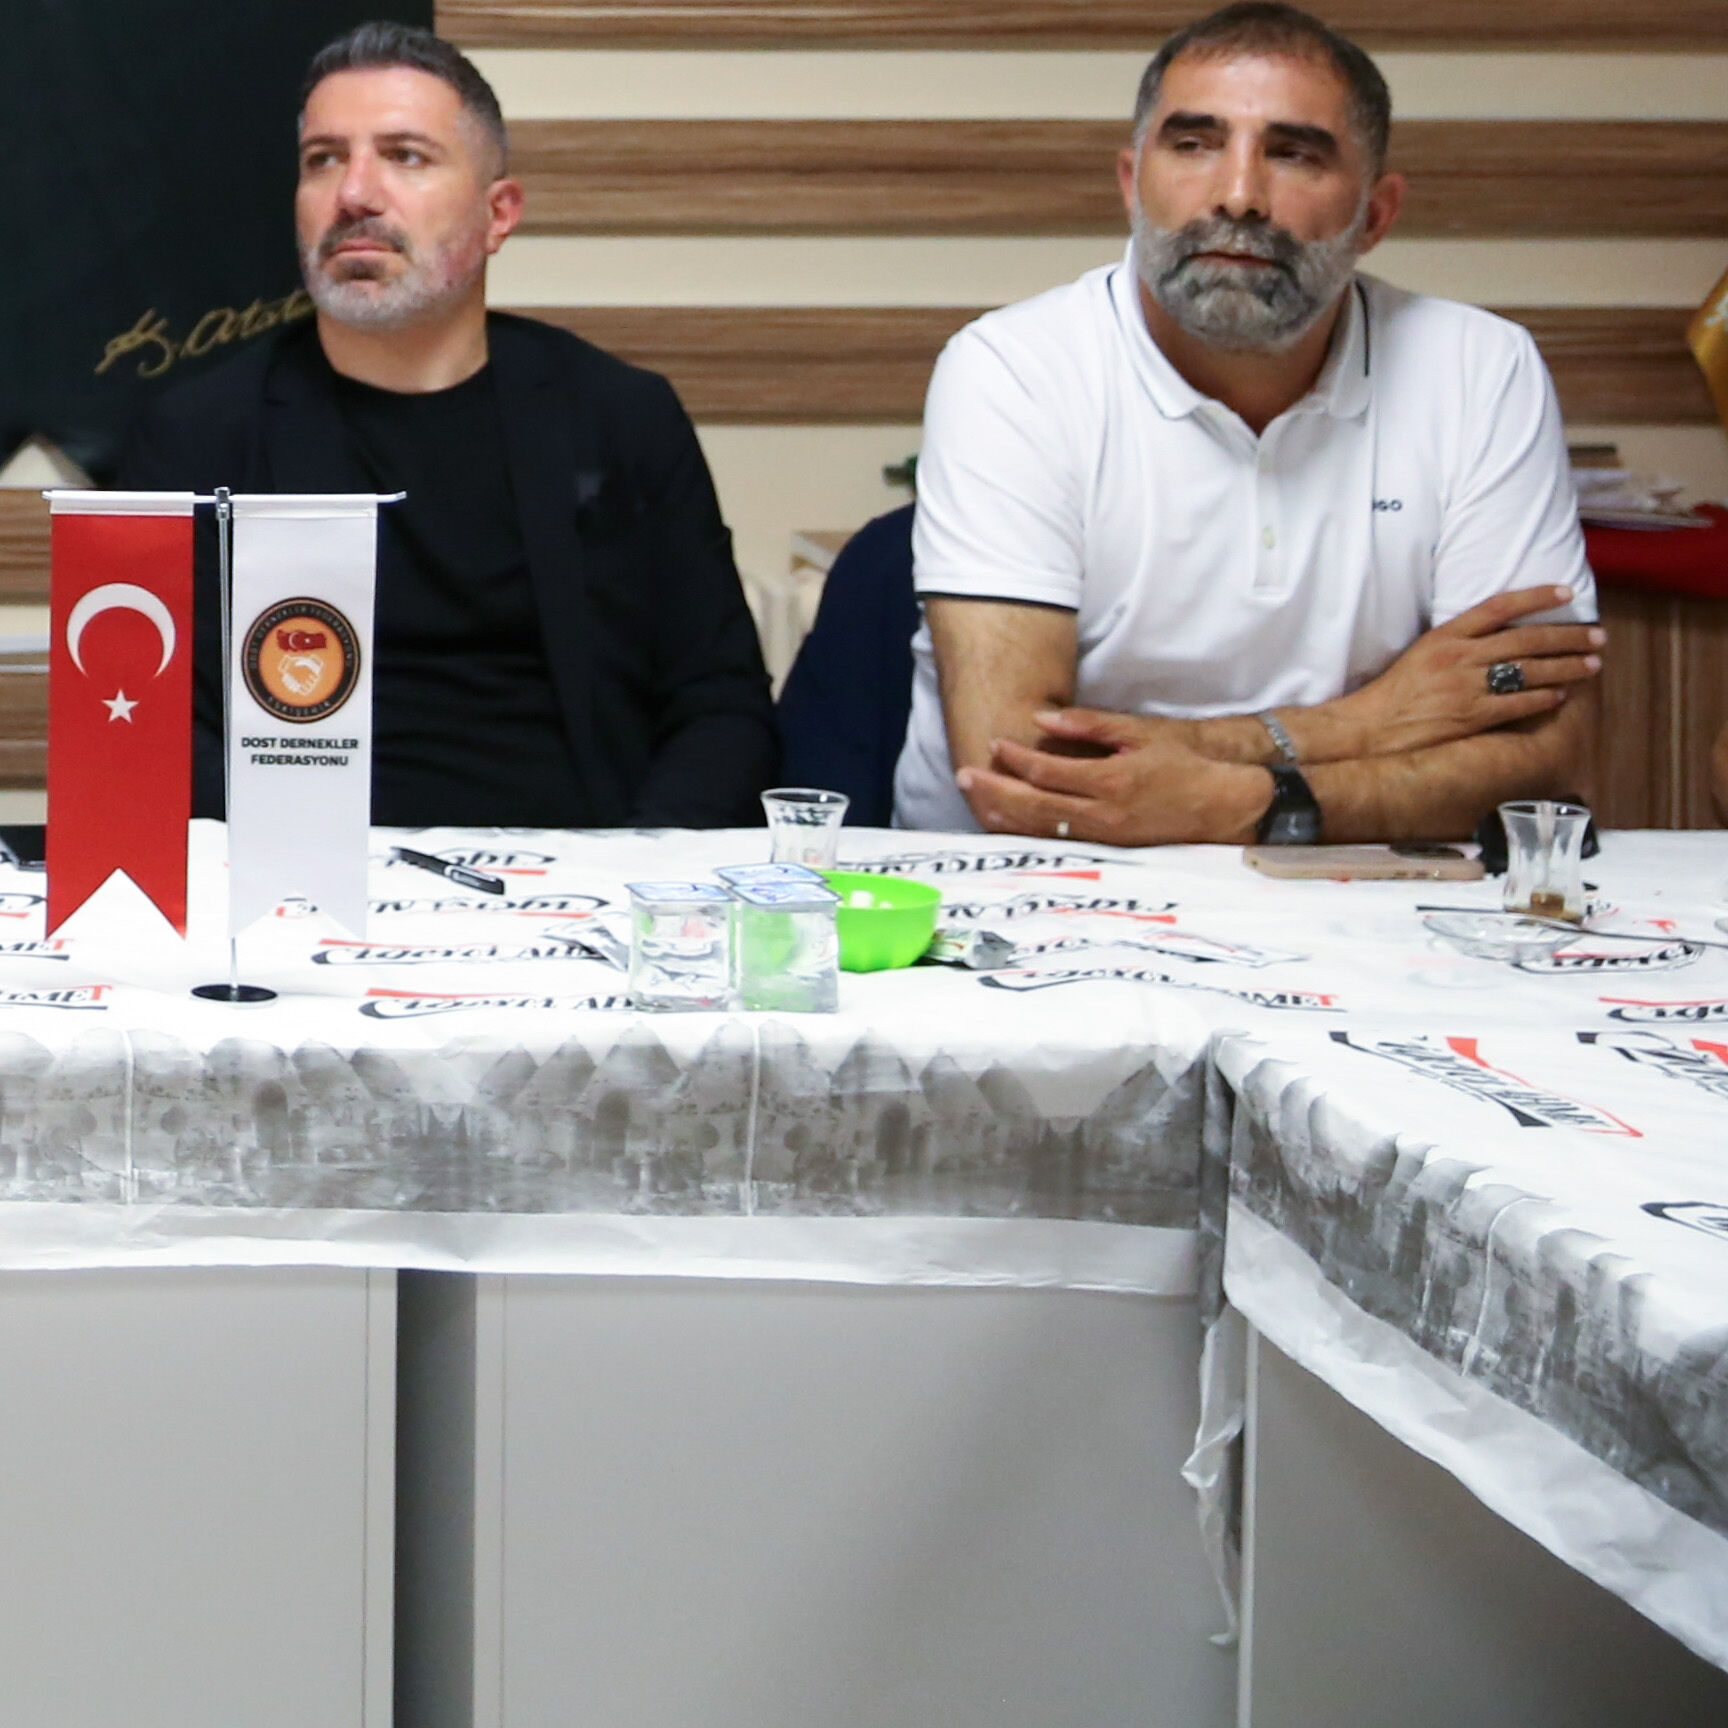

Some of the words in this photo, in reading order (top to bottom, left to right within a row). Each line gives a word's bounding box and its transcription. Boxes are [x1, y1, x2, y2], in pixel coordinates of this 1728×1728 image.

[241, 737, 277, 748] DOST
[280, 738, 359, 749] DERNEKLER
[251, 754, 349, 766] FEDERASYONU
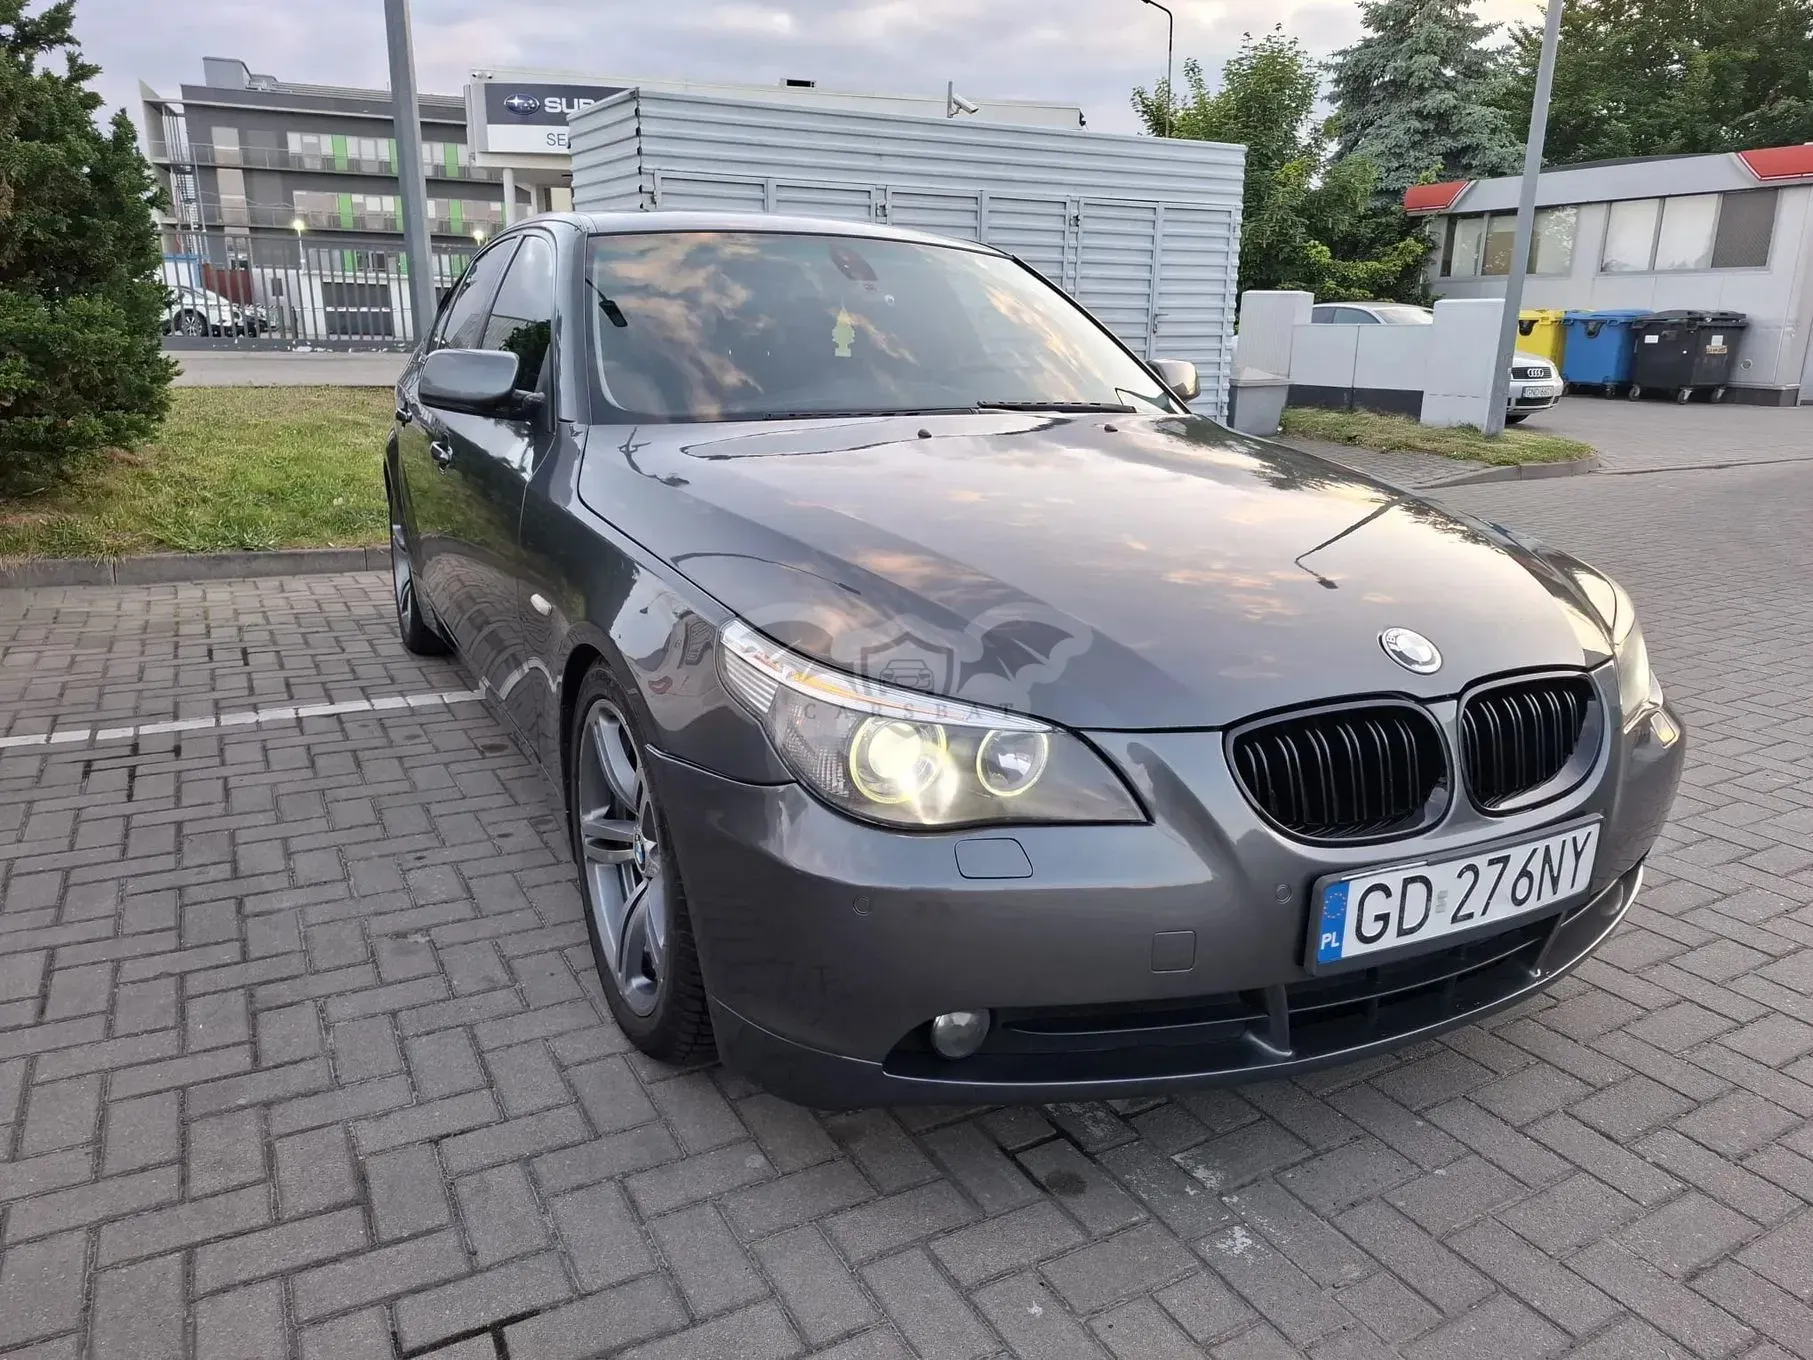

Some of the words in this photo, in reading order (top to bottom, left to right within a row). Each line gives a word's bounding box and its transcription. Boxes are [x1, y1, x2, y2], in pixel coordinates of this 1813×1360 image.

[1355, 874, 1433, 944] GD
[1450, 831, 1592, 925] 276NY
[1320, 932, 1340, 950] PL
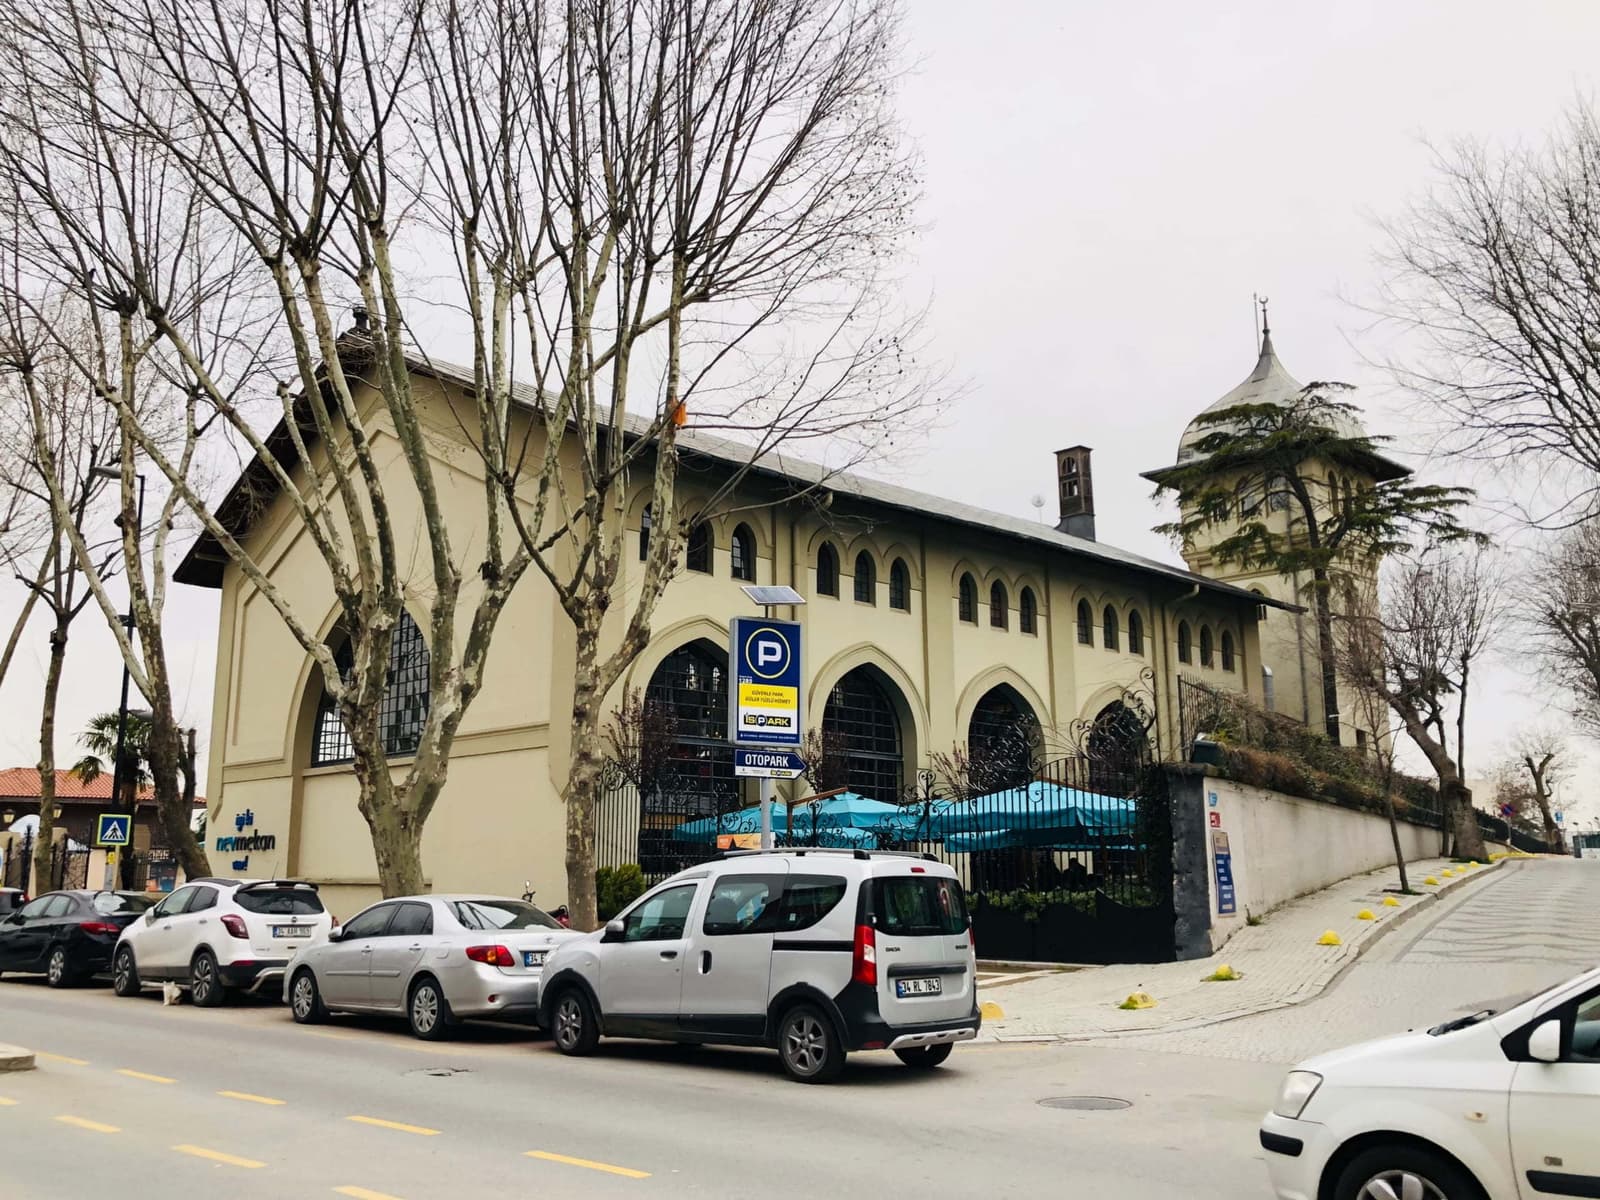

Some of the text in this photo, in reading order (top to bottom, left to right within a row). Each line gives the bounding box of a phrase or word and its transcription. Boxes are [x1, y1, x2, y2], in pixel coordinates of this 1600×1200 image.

--

§ **TASK DESCRIPTION**:
Leave the pictures out and return the rest of the material exactly.

§ **RESPONSE FOR THIS EXERCISE**:
Some of the words in this photo, in reading order (top to bottom, left to right within a row). Each line gives a word's bounding box and its transcription. Boxes are [x1, y1, x2, y2], in pixel coordinates of this 1728×1728 image.

[241, 737, 277, 748] DOST
[280, 738, 359, 749] DERNEKLER
[251, 754, 349, 766] FEDERASYONU

Some of the words in this photo, in reading order (top to bottom, left to right within a row). Each line gives a word's bounding box and its transcription. Boxes are [x1, y1, x2, y2], in pixel coordinates of this 1813×1360 image.

[1355, 874, 1433, 944] GD
[1450, 831, 1592, 925] 276NY
[1320, 932, 1340, 950] PL

Some of the text in this photo, in reading order (top to bottom, left to right within a row). Each line gives the bounding box of a phrase or word and its transcription. Boxes are [x1, y1, x2, y2], in pixel coordinates of this 1600×1200 image.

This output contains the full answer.